So how many entries would your array have once I start the 32,000th
domain (having at any one time at most a single one running, besides
Dom0)?

Jan
Yi Sun April 13, 2017, 8:11 a.m. UTC | #6
On 17-04-12 06:42:01, Jan Beulich wrote:
> >>> On 12.04.17 at 14:23, <yi.y.sun@linux.intel.com> wrote:
> > On 17-04-12 03:09:56, Jan Beulich wrote:
> >> >>> On 12.04.17 at 07:53, <yi.y.sun@linux.intel.com> wrote:
> >> > On 17-04-11 09:01:53, Jan Beulich wrote:
> >> >> >>> On 01.04.17 at 15:53, <yi.y.sun@linux.intel.com> wrote:
> >> >> > +        info->cos_ref[cos]--;
> >> >> > +        spin_unlock(&info->ref_lock);
> >> >> > +
> >> >> > +        d->arch.psr_cos_ids[socket] = 0;
> >> >> > +    }
> >> >> 
> >> >> Overall, while you say in the revision log that this was a suggestion of
> >> >> mine, I don't recall any such (and I've just checked the v9 thread of
> >> >> this patch without finding anything), and hence it's not really clear to
> >> >> me why this is needed. After all you should be freeing info anyway
> >> > 
> >> > We discussed this in v9 05 patch.
> >> 
> >> Ah, that's why I didn't find it.
> >> 
> >> > I paste it below for your convenience to
> >> > check.
> >> > [Sun Yi]:
> >> >   > So, you think the MSRs values may not be valid after such process and 
> >> >   > reloading (write MSRs to default value) is needed. If so, I would like 
> >> >   > to do more operations in 'free_feature()':
> >> >   > 1. Iterate all domains working on the offline socket to change
> >> >   >    'd->arch.psr_cos_ids[socket]' to COS 0, i.e restore it back to init
> >> >   >    status.
> >> >   > 2. Restore 'socket_info[socket].cos_ref[]' to all 0.
> >> >   > 
> >> >   > These can make the socket's info be totally restored back to init 
> > status.
> >> > 
> >> > [Jan]
> >> >   Yes, that's what I think is needed.
> >> > 
> >> >> (albeit I can't see this happening, which would look to be a bug in
> >> >> patch 5), so getting the refcounts adjusted seems pointless in any
> >> >> event. Whether d->arch.psr_cos_ids[socket] needs clearing I'm not
> >> > 
> >> > We only free resources in 'socket_info[socekt]' but do not free itself.

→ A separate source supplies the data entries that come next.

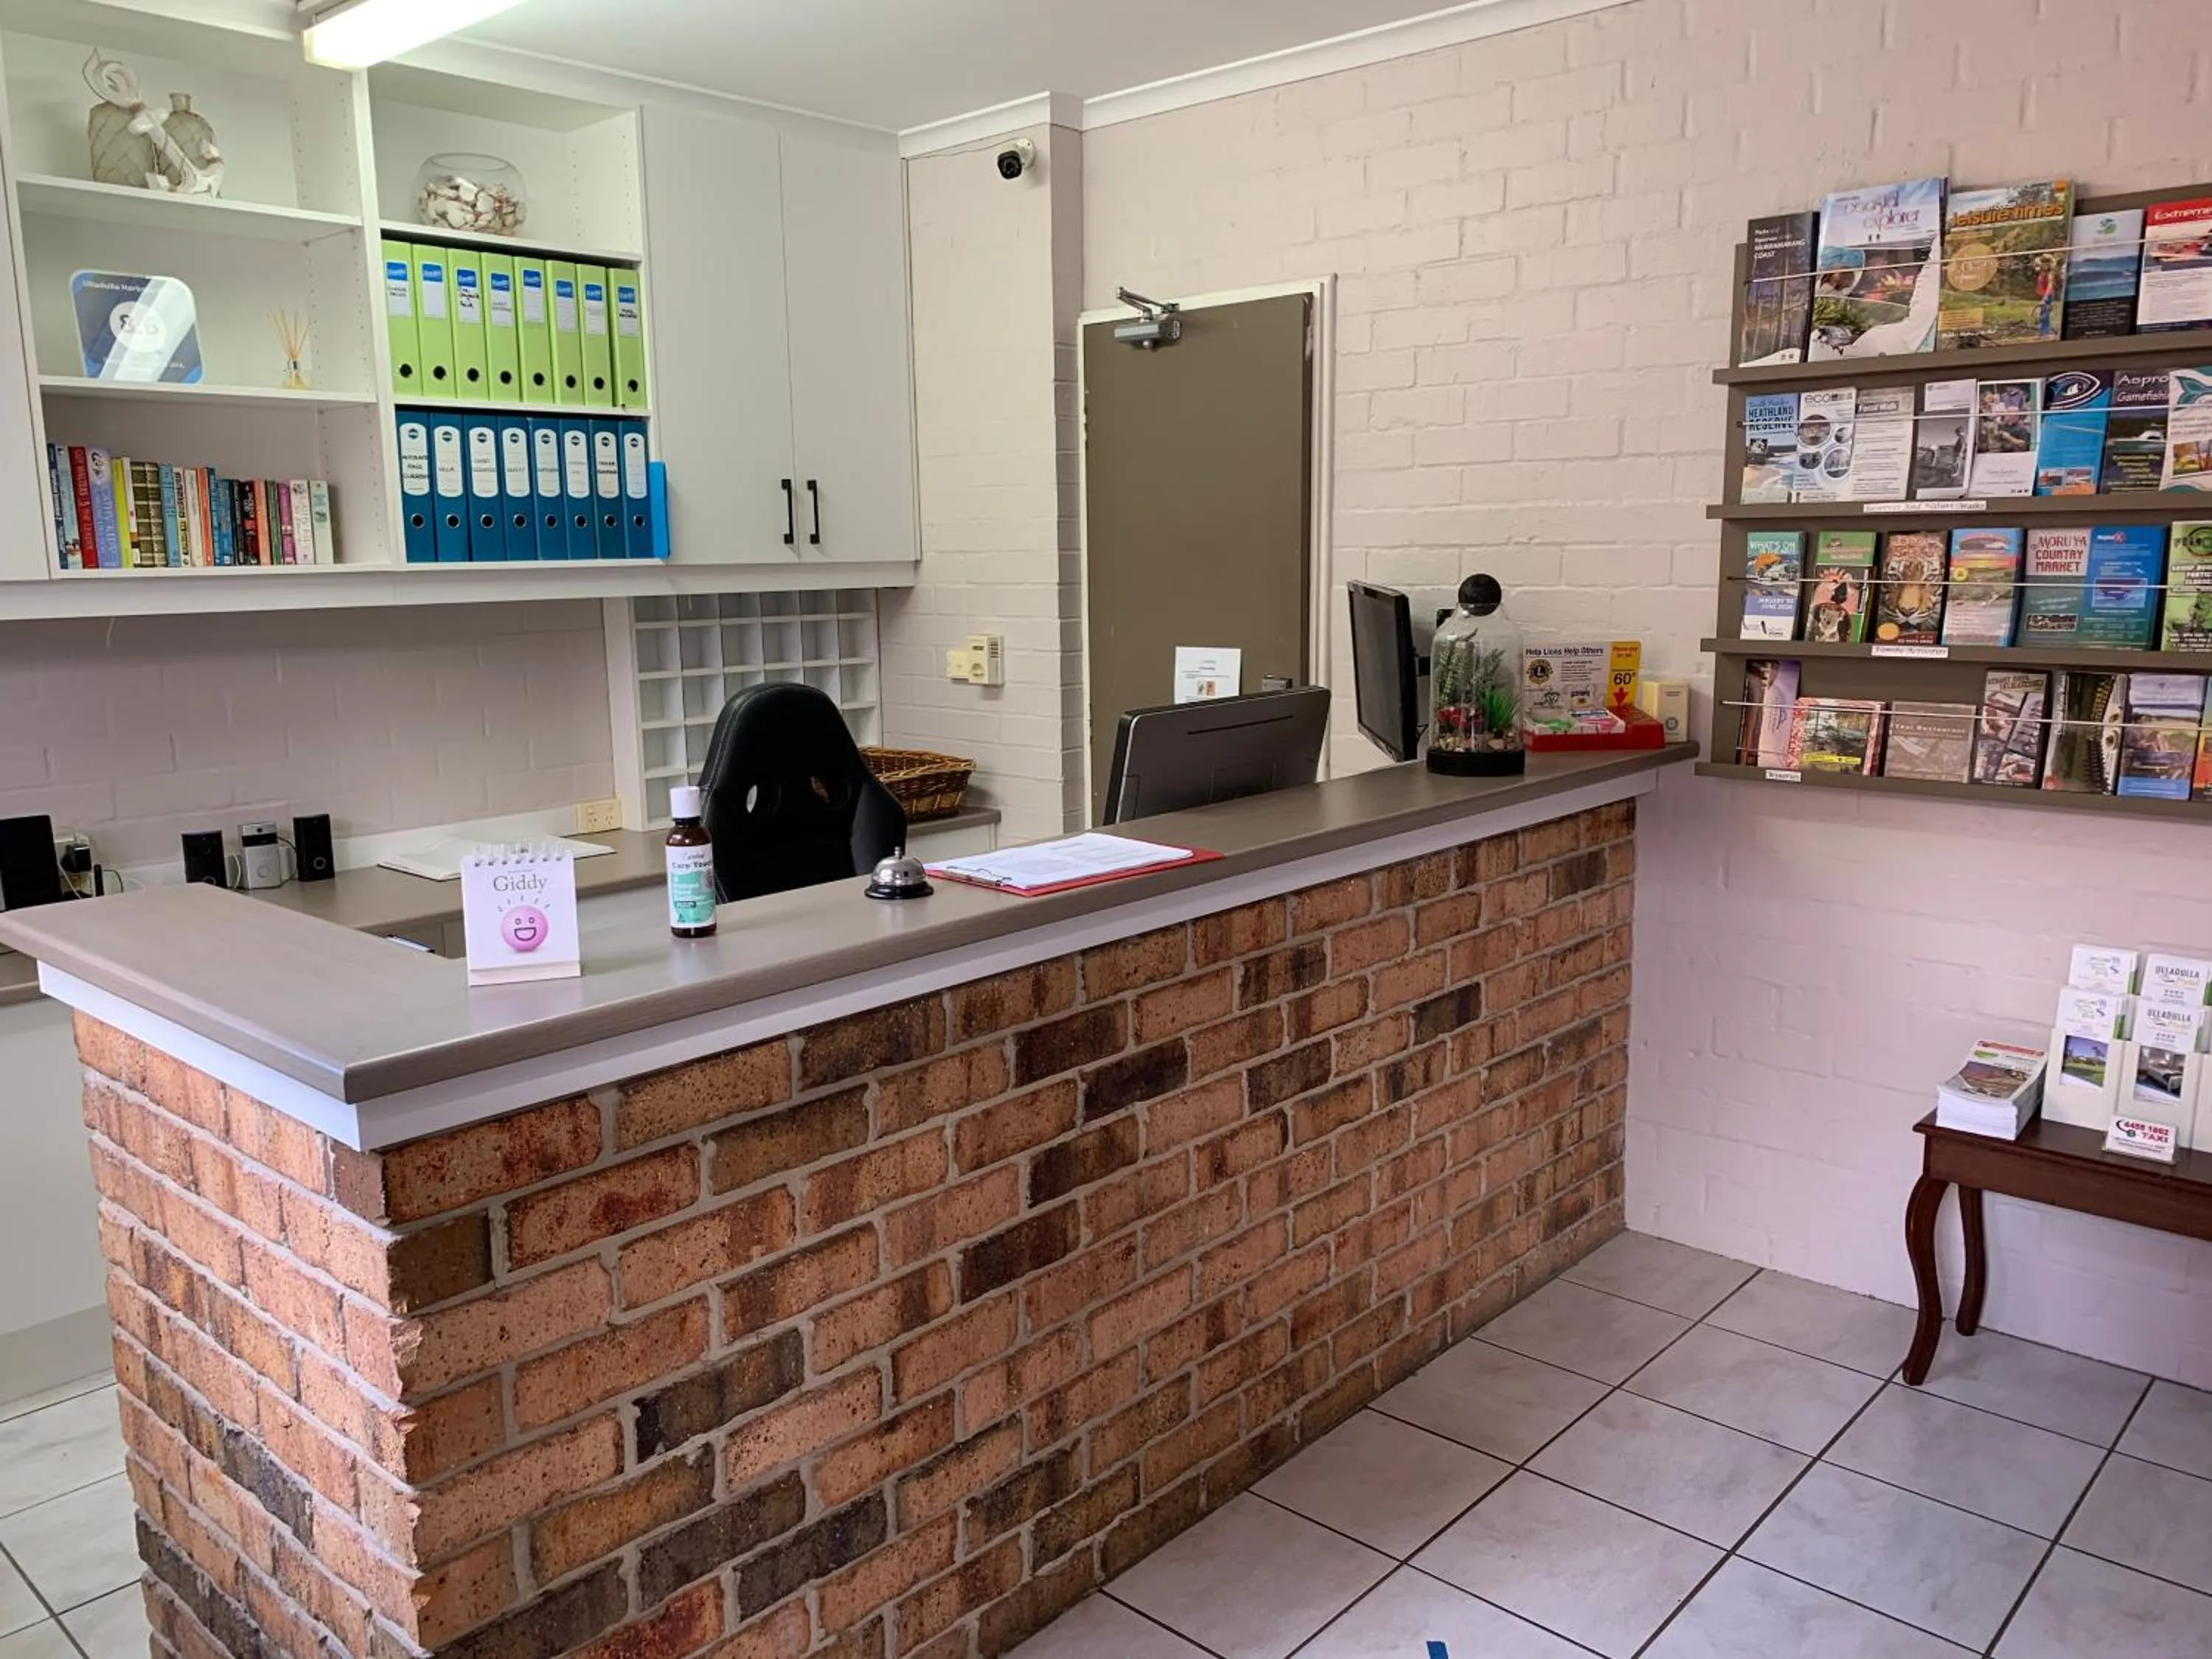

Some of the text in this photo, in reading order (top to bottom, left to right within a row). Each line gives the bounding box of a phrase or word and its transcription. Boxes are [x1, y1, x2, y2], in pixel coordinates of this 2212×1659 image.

[2012, 204, 2065, 220] times
[1804, 394, 1831, 403] eco
[1747, 405, 1793, 417] HEATHLAND
[1748, 416, 1794, 431] RESERVE
[2037, 536, 2087, 548] MORUYA
[2035, 550, 2084, 560] COUNTRY
[2035, 562, 2081, 572] MARKET
[1526, 647, 1542, 655] Help
[1543, 647, 1562, 655] Lions
[1564, 647, 1580, 655] Help
[1581, 647, 1604, 655] Others
[493, 874, 548, 894] Giddy
[2155, 966, 2199, 978] ULLADULLA
[2147, 1008, 2191, 1021] ULLADULLA
[2142, 1133, 2168, 1143] TAXI

> >> > Below is how we allocate 'socket_info'. So, the 'socket_info[socekt]'
> >> > is not a pointer that can be directly freed.

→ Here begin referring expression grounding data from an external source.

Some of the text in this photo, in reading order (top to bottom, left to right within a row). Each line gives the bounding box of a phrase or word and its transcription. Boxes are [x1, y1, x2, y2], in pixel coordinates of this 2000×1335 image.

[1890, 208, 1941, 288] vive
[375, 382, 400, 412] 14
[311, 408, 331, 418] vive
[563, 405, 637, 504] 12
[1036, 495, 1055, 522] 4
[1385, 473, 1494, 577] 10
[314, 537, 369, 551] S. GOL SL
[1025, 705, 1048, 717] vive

> >> >   socket_info = xzalloc_array(struct psr_socket_info, nr_sockets);
> >> > 
> >> > That is the reason to reduce the 'info->cos_ref[cos]'.
> >> 
> >> I see. But then there's no need to decrement it for each domain
> >> using it, you could simply flush it to zero.
> >> 
> >> >> certain - this may indeed by unavoidable, to match up with
> >> >> psr_alloc_cos() using xzalloc.
> >> >> 
> >> >> Furthermore I'm not at all convinced this is appropriate to do in the
> >> >> context of a CPU_UP_CANCELED / CPU_DEAD notification: If you
> >> >> have a few thousand VMs, the loop above may take a while.
> >> >> 
> >> > Hmm, that may be a potential issue. I have two proposals below. Could you
> >> > please help to check which one you prefer? Or provide another solution?
> >> > 
> >> > 1. Start a tasklet in free_socket_resources() to restore 
> > 'psr_cos_ids[socket]'
> >> >    of all domains. The action is protected by 'ref_lock' to avoid 
> > confliction
> >> >    in 'psr_set_val'. We can reduce 'info->cos_ref[cos]' in tasklet or memset
> >> >    the array to 0 in free_socket_resources().
> >> > 
> >> > 2. Move 'psr_cos_ids[]' from 'domain' to 'psr_socket_info' and change index
> >> >    from 'socket' to 'domain_id'. So we keep all domains' COS IDs per socket
> >> >    and can memset the array to 0 when socket is offline. But here is an 
> > issue
> >> >    that we do not know how many members this array should have. I cannot 
> > find
> >> >    a macro something like 'DOMAIN_MAX_NUMBER'. So, I prefer to use 
> > reallocation
> >> >    in 'psr_alloc_cos' if the newly created domain's id is bigger than 
> > current
> >> >    array number.
> >> 
> >> The number of domains is limited by the special DOMID_* values.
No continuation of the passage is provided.